O Município de Volta Redonda, em sua contestação, alegou preliminarmente falta de interesse de agir e, no mérito, sustentou a legalidade do licenciamento concedido. O Black Jack Pub também apresentou defesa, pugnando pela improcedência dos pedidos.

Durante a fase de instrução, as partes manifestaram-se quanto à produção de provas. O Ministério Público do Estado do Rio de Janeiro (MPRJ) entendeu pela não intervenção no feito. Embora tenha sido deferida a realização de perícia técnica em engenharia, requerida pelos autores, a prova acabou sendo considerada perdida por razões processuais, conforme decisão posterior.

Fundamentação da sentença

Ao analisar o mérito, o juízo destacou que, no ordenamento jurídico brasileiro, prevalece a Teoria do Risco Administrativo, prevista no artigo 37, parágrafo 6º, da Constituição Federal, ressaltando, contudo, que cabe à parte autora o ônus de comprovar o fato constitutivo do direito alegado.

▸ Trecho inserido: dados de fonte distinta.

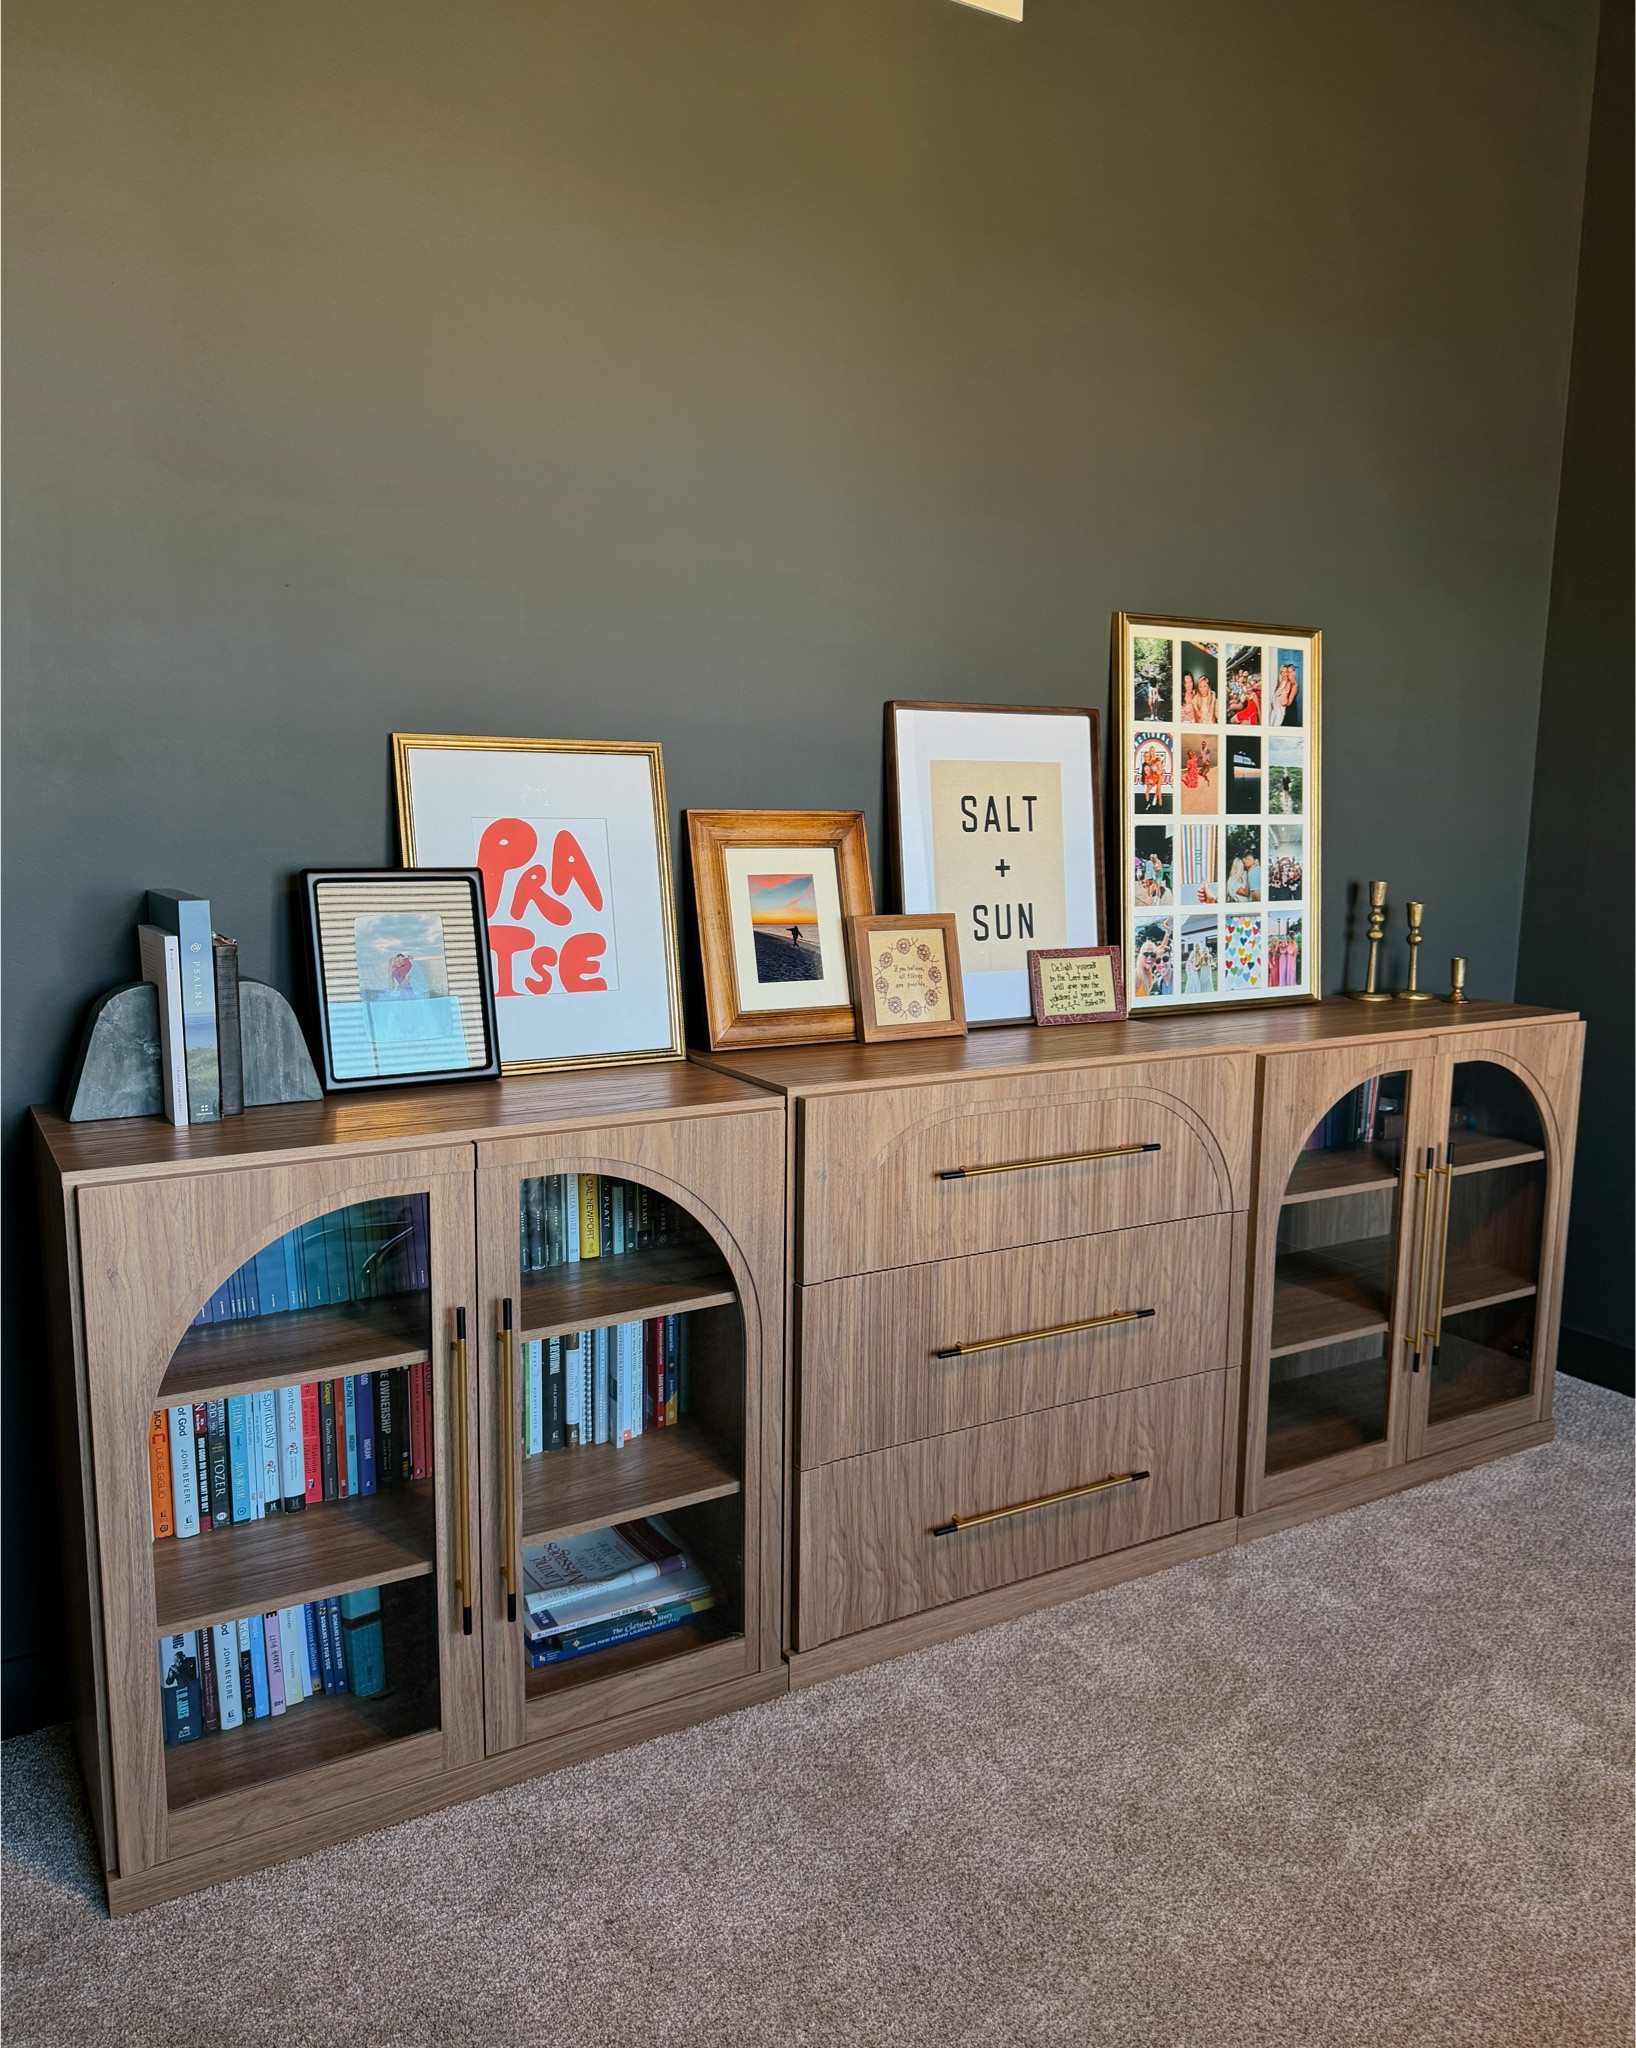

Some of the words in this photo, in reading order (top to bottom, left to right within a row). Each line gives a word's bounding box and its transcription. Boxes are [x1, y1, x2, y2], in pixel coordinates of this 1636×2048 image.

Segundo os autos, o Município emitiu alvarás provisórios, realizou vistorias técnicas e não identificou irregularidades, conforme relatórios da Secretaria Municipal de Meio Ambiente. O Plano Diretor Municipal classifica a área onde se localiza o estabelecimento como de interesse para cultura, eventos e lazer.

A decisão também menciona alterações na legislação municipal que estabeleceram critérios técnicos para a aferição de ruídos, exigindo isolamento acústico adequado e medições conforme normas da Associação Brasileira de Normas Técnicas (ABNT).

Diante da ausência da prova pericial e da insuficiência de outros elementos técnicos, o juízo concluiu que os autores não conseguiram comprovar as irregularidades alegadas.

Decisão e recurso

Com esses fundamentos, o pedido foi julgado improcedente, com condenação dos três condomínios ao pagamento de custas processuais e honorários advocatícios, fixados em 10% sobre o valor da causa.

Inconformados com a decisão, os autores interpuseram recurso, cujo julgamento presencial pelo TJRJ poderá representar um novo capítulo na disputa judicial que envolve o funcionamento do estabelecimento comercial e o direito de vizinhança no bairro Aterrado.